The AP reported this week that the Beijing authorities detained “illegal church members” on Easter as part of a widespread clampdown on unregistered religious organizations that “could challenge Communist authority.” While this is all true, it leaves most readers with the mistaken impression that Communism is responsible for the periodic crackdowns, government manipulation, and general harassment religions in China face. Last month, The Huffington Post’s Michael Levy confused the issue even further by blaming the CCP-written Chinese Constitution for advocating state meddling in spiritual affairs. On the prominent religious-issues website religioustolerance.org, the entry about religious intolerance in China begins: “The Chinese government has relentlessly suppressed religious groups since achieving power in 1949.”
To blame the anti-religious stance of the Chinese ruling class on Communism, however, is simply to ignore history. The Nationalist government (1928-1949) had many similarities with its Communist successor. Chinese historian Rebecca Nedostup’s recent book, Superstitious Regimes, details the Nationalist government’s brutal campaigns against “superstition” and various “religious institutions” during the Nanjing Decade (1928-1937).” Just as an example, Buddhist and Daoist temples were shut down while monks were attacked for being “unproductive” members of society. The monk lifestyle was widely seen as economic exploitation of gullible peasants and a sign of national “backwardness.”
Even before the Nationalists came to power, mainstream Chinese elites were strongly anti-religious. Religion scholar Wing-tsit Chan writes that this anti-religious wave reached a “climax in 1922 in the activities of the Great Federation of Anti-Religionists.” The “Great Federation denounced religion as poison” and mobilized anti-religious protests by students and professors in Shanghai and Beijing. Most of these anti-religionists were not Communists.
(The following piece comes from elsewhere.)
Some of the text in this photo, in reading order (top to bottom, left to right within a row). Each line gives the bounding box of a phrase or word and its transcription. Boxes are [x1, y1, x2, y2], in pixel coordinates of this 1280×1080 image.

As we can see, much of China’s ruling class has viewed religion as inherently threatening to state power for at least a century. Some scholars would argue for longer.
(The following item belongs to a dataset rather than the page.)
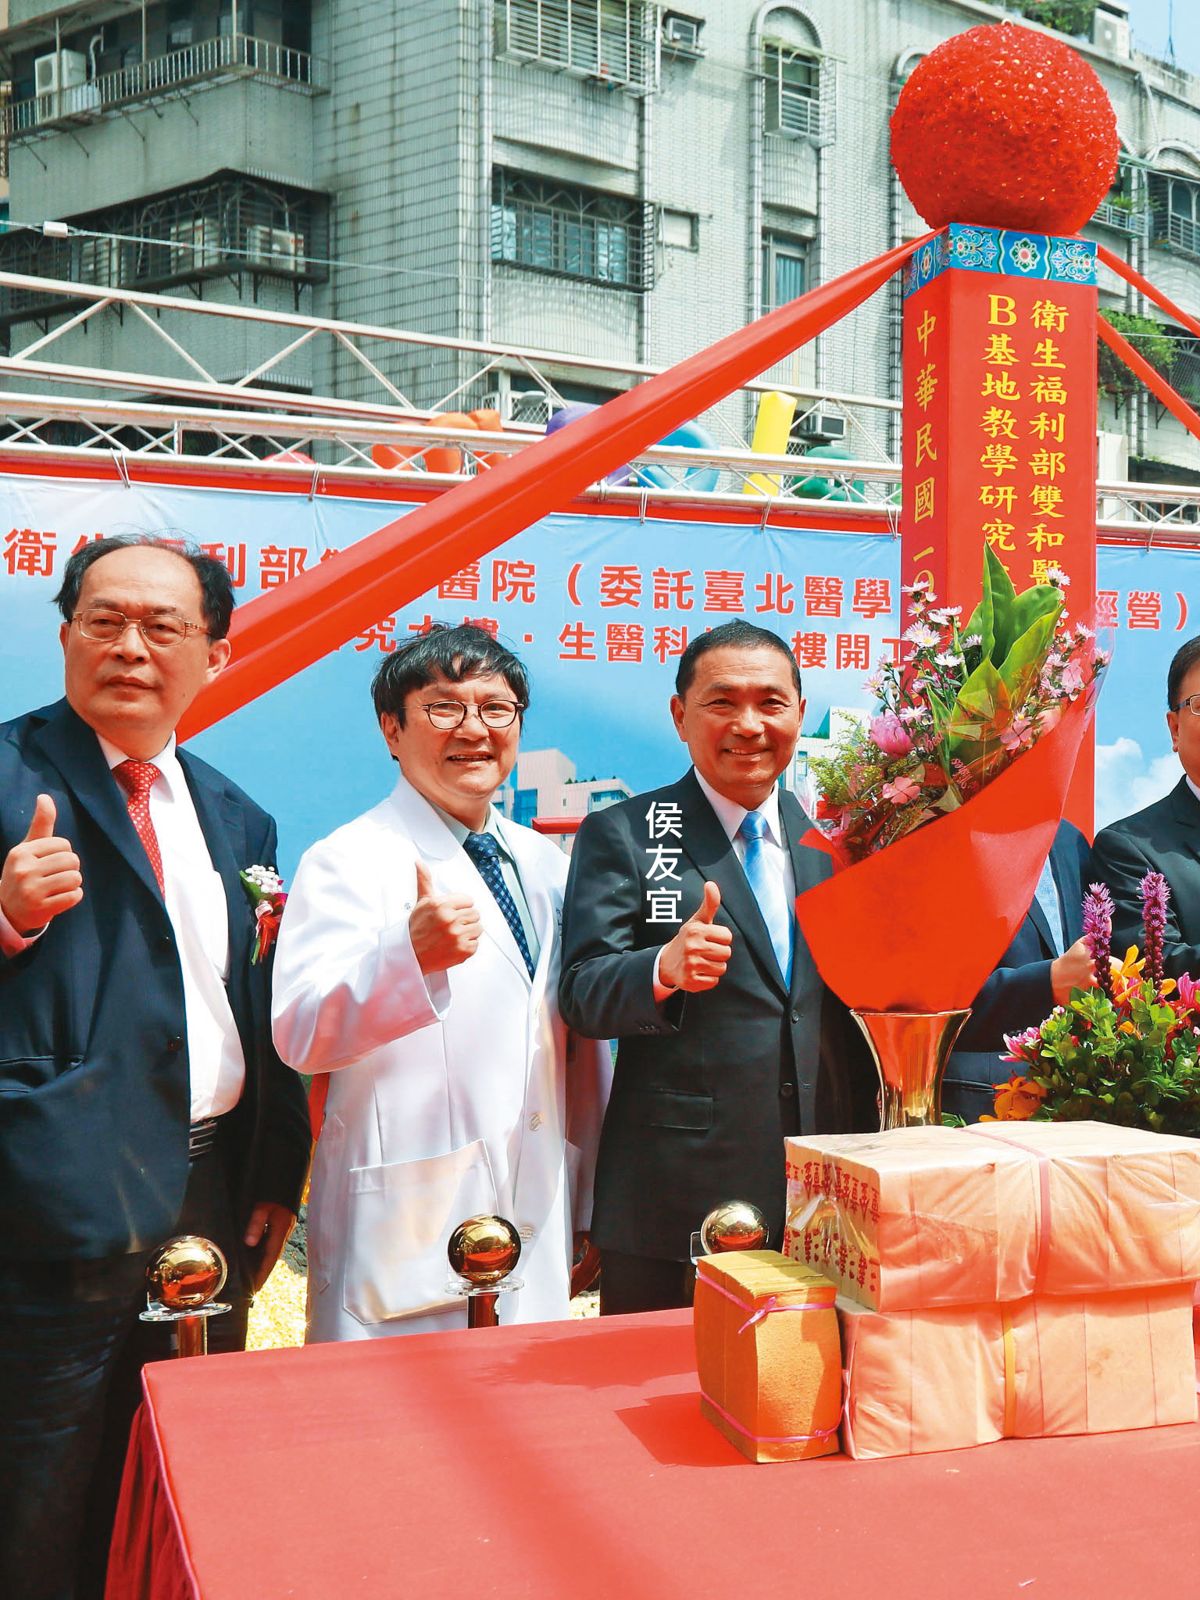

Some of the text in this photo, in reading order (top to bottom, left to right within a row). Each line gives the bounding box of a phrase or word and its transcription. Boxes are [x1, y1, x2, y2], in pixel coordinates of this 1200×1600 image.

[979, 294, 1021, 586] B基地教學研究
None of this history is groundbreaking for China scholars, but I certainly raise eyebrows among my classmates (including the Chinese ones) by suggesting Communism is not the source of all of the Chinese state’s ills. Given the constant stream of negative articles about the CCP’s brutality in the past few years, it is not hard to see why this is the prevailing view. Instead of teaching readers something new about Chinese society, news articles about religion in China hammer in misperceptions. People tend not to remember the details of how many Christians were arrested in which province and for what reason; all that sticks is the misleading notion that Communism is continuing its assault on religion in China.
The ideological source of this anti-religious stance is not Communism, but the modernizing drives of the early 1900s. Elites expressed deep-seated dissatisfaction with the faltering Qing Dynasty’s response to encroaching imperial powers and demanded fundamental change. While some of the early 1900s modernizers and reformers were Communists, others identified with Nationalism, Confucianism, or something else entirely. What they shared was the belief that Chinese society had to be ideologically and spiritually revolutionized to compete with Western powers. It was this intellectual impulse toward modernization that consolidated into the anti-religious stance of the 1920s.
I understand, of course, that every New York Times article cannot have a 700-word op-ed at the bottom explaining how readers should historicize the CCP’s violent tactics. Much more, however, can be done. I think that a great journalist not only reports the news, but also strives to identify and challenge misperceptions the public has about the world. This mission is doubly important for issues of intercultural understanding where one society is understood through the culturally-tinted lens of the other’s media. This is not a defense of the Chinese Communists, but a plea that we understand why they behave the way they do.
Chris J. Carothers’11 is a Social Studies concentrator in Eliot House. He wrote his thesis on religion in China.